=== EXTRACTED DATA ===

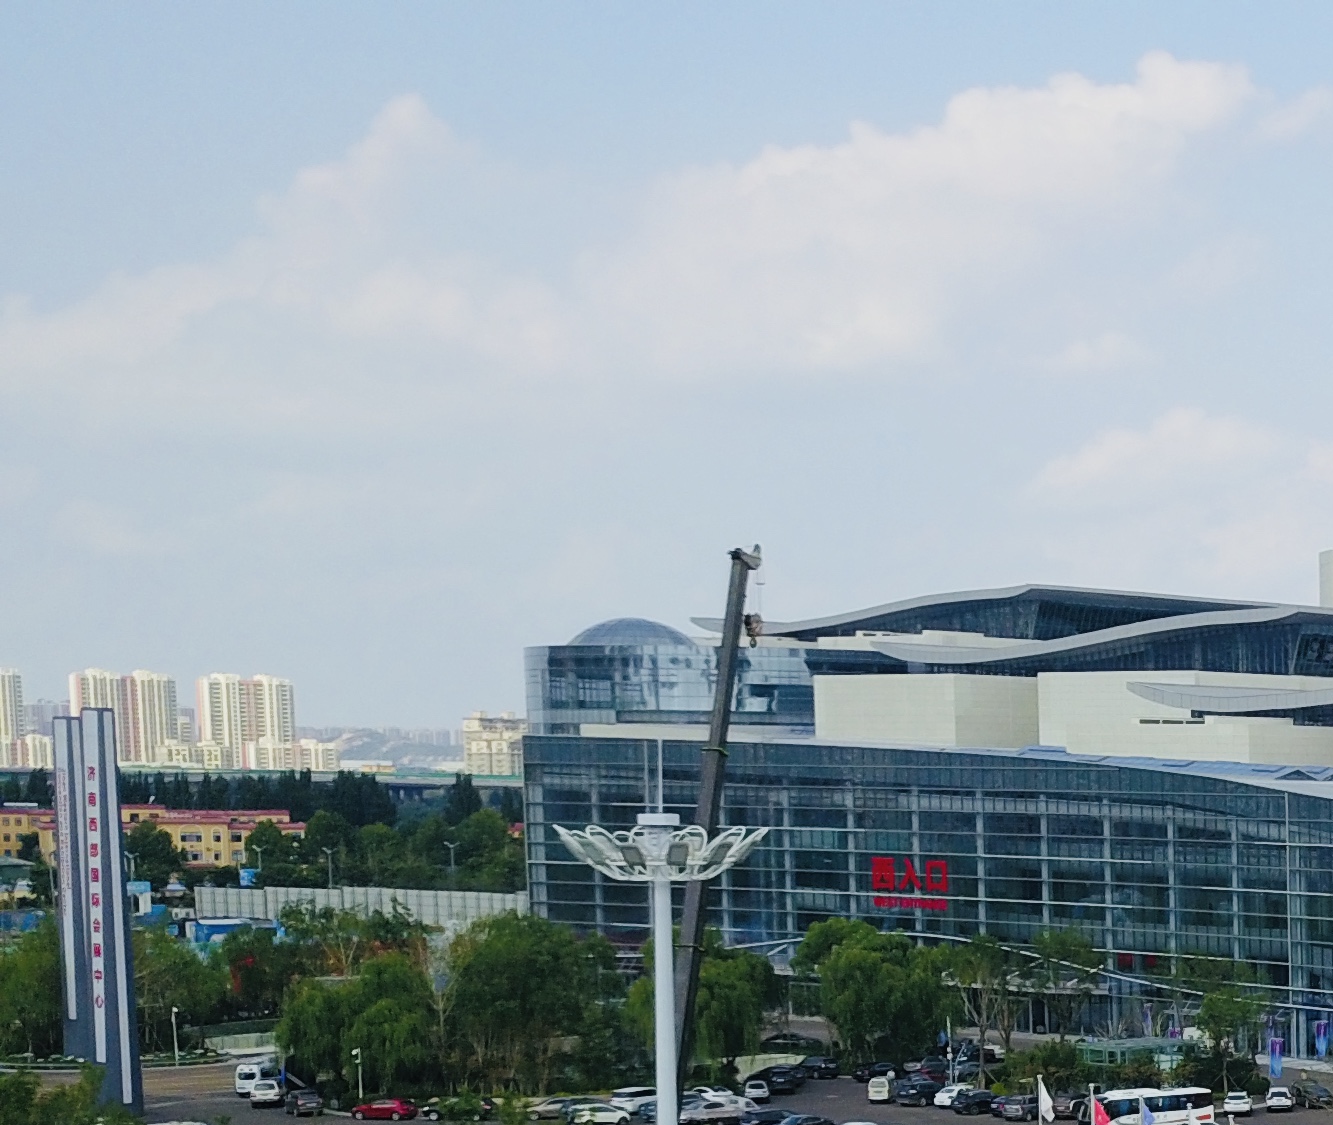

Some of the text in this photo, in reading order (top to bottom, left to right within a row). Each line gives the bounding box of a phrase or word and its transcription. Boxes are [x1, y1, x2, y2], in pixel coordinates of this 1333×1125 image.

[87, 766, 103, 1008] 济南西部国际会展中心
[871, 856, 948, 892] 西入口
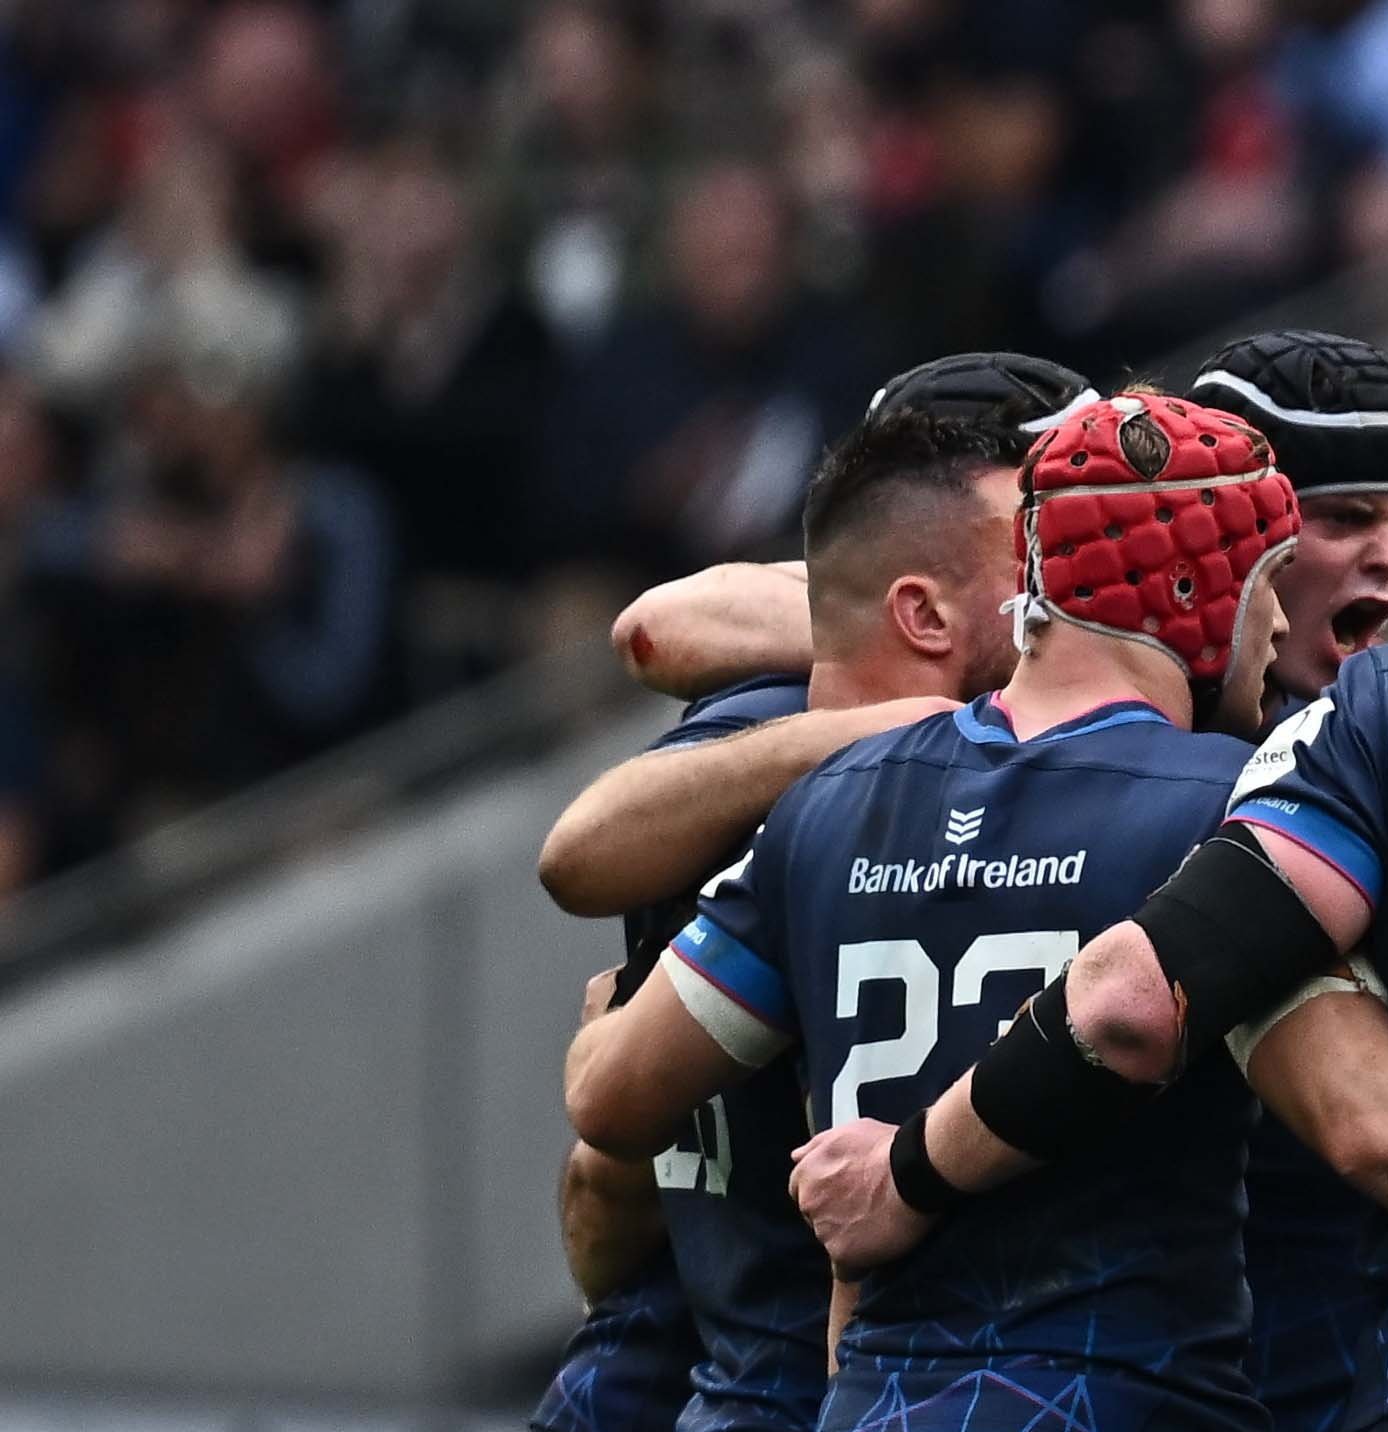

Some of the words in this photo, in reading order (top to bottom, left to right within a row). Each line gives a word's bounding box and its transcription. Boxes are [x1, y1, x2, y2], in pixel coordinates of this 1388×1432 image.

[849, 857, 925, 893] Bank
[923, 854, 955, 891] of
[956, 850, 1086, 889] Ireland
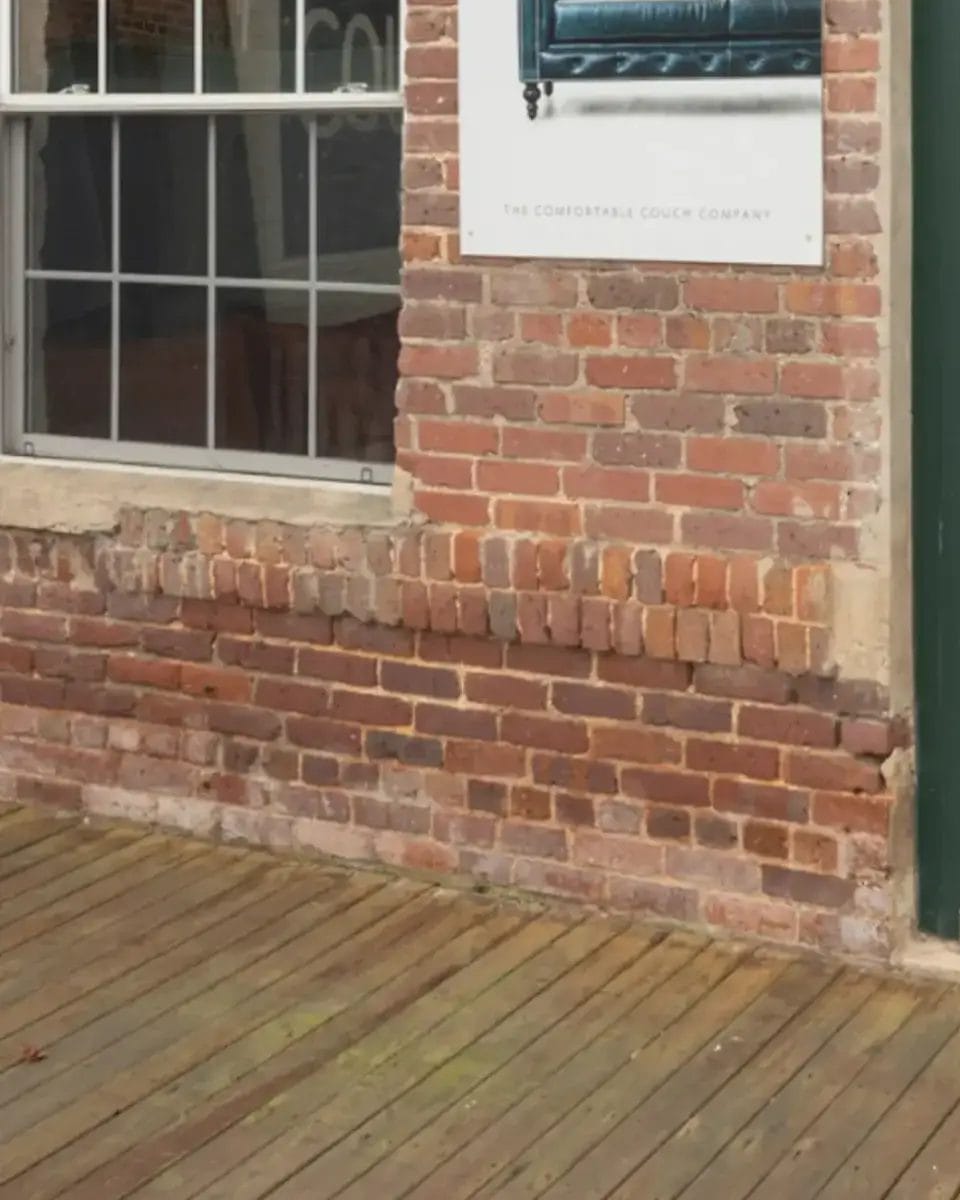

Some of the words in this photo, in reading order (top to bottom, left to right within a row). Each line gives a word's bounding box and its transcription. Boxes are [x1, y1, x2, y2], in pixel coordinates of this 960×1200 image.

[503, 203, 529, 217] THE
[534, 203, 634, 220] COMFORTABLE
[640, 205, 692, 220] COUCH
[699, 206, 772, 222] COMPANY
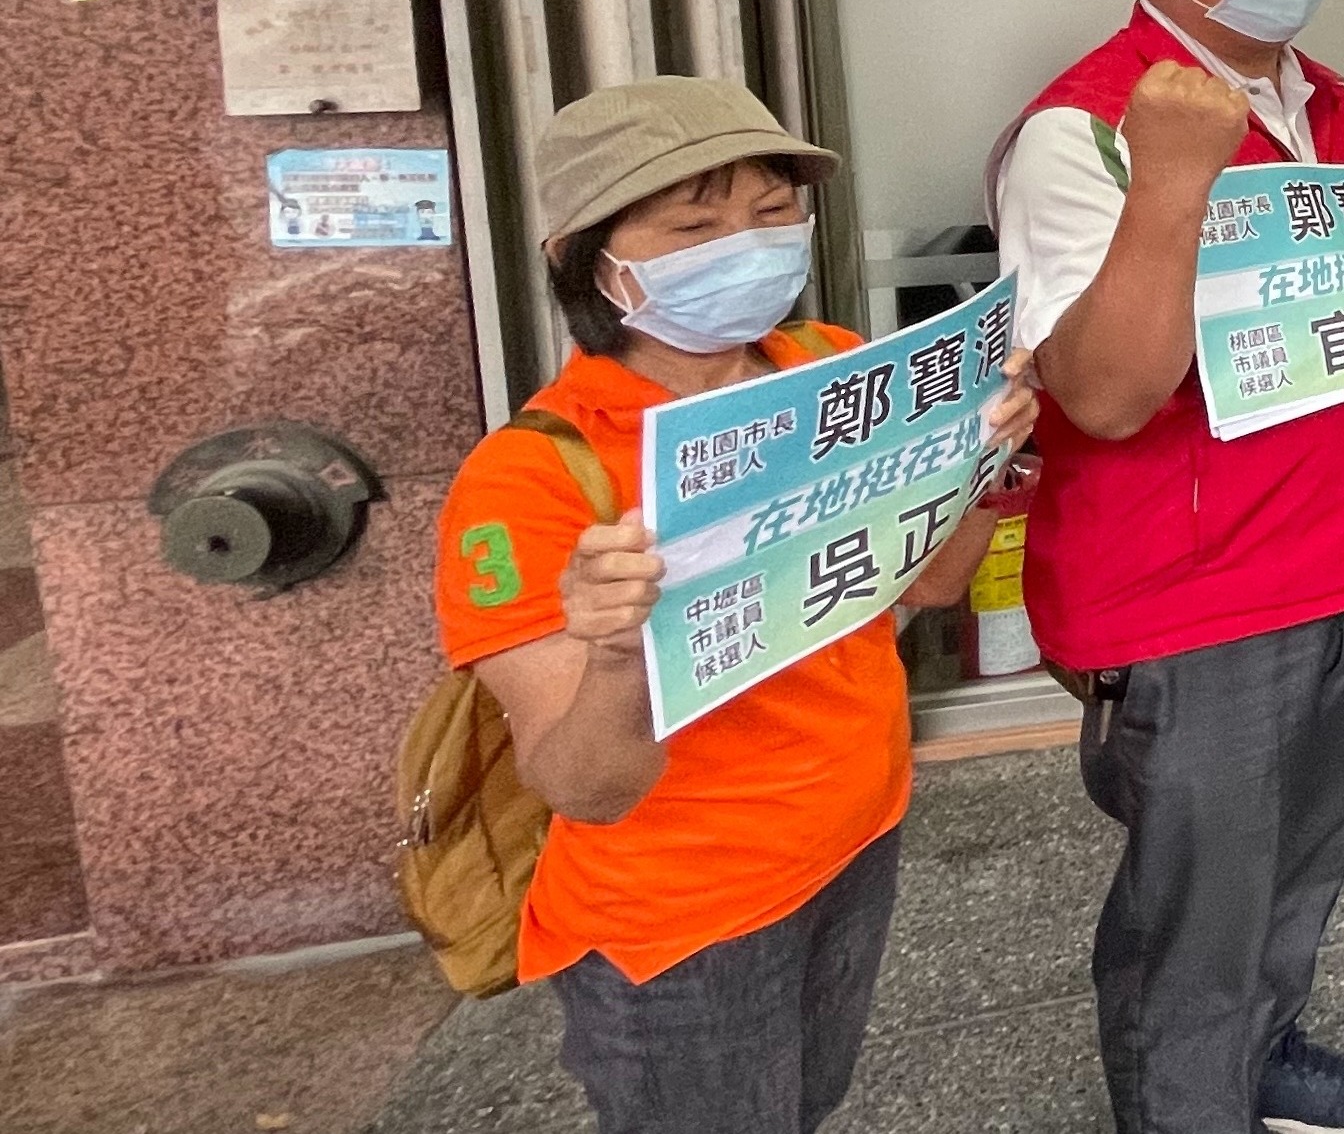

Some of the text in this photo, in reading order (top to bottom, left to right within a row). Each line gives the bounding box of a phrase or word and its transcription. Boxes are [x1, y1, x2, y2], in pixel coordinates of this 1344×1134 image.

[1201, 221, 1259, 246] 候選人
[1230, 325, 1284, 350] 桃園區
[1234, 347, 1290, 373] 市議員
[812, 298, 1012, 460] 鄭寶清
[1239, 371, 1294, 398] 候選人
[679, 409, 796, 468] 桃園市長
[679, 454, 767, 498] 候選人
[745, 419, 982, 555] 在地挺在地
[461, 524, 523, 608] 3
[686, 572, 766, 623] 中壢區
[690, 606, 767, 654] 市議員
[694, 636, 769, 686] 候選人

===

Every entry above needs to be copied exactly, and no pictures go with it.

▸ **RESULT OF THE EXERCISE**:
Some of the text in this photo, in reading order (top to bottom, left to right within a row). Each line gives the bounding box of a phrase or word and its transcription. Boxes are [x1, y1, x2, y2], in pixel coordinates of this 1333×1125 image.

[87, 766, 103, 1008] 济南西部国际会展中心
[871, 856, 948, 892] 西入口

Some of the words in this photo, in reading order (top to bottom, left to right within a row). Each line gives a word's bounding box and its transcription. Boxes are [x1, y1, x2, y2], in pixel coordinates of this 1388×1432 image.

[849, 857, 925, 893] Bank
[923, 854, 955, 891] of
[956, 850, 1086, 889] Ireland

Some of the words in this photo, in reading order (top to bottom, left to right within a row). Each line gives a word's bounding box and its transcription. Boxes are [x1, y1, x2, y2], in pixel coordinates of this 960×1200 image.

[503, 203, 529, 217] THE
[534, 203, 634, 220] COMFORTABLE
[640, 205, 692, 220] COUCH
[699, 206, 772, 222] COMPANY

Some of the text in this photo, in reading order (top to bottom, left to right within a row). Each line gives the bounding box of a phrase or word and its transcription. Boxes are [x1, y1, x2, y2], in pixel coordinates of this 1344×1134 image.

[1201, 221, 1259, 246] 候選人
[1230, 325, 1284, 350] 桃園區
[1234, 347, 1290, 373] 市議員
[812, 298, 1012, 460] 鄭寶清
[1239, 371, 1294, 398] 候選人
[679, 409, 796, 468] 桃園市長
[679, 454, 767, 498] 候選人
[745, 419, 982, 555] 在地挺在地
[461, 524, 523, 608] 3
[686, 572, 766, 623] 中壢區
[690, 606, 767, 654] 市議員
[694, 636, 769, 686] 候選人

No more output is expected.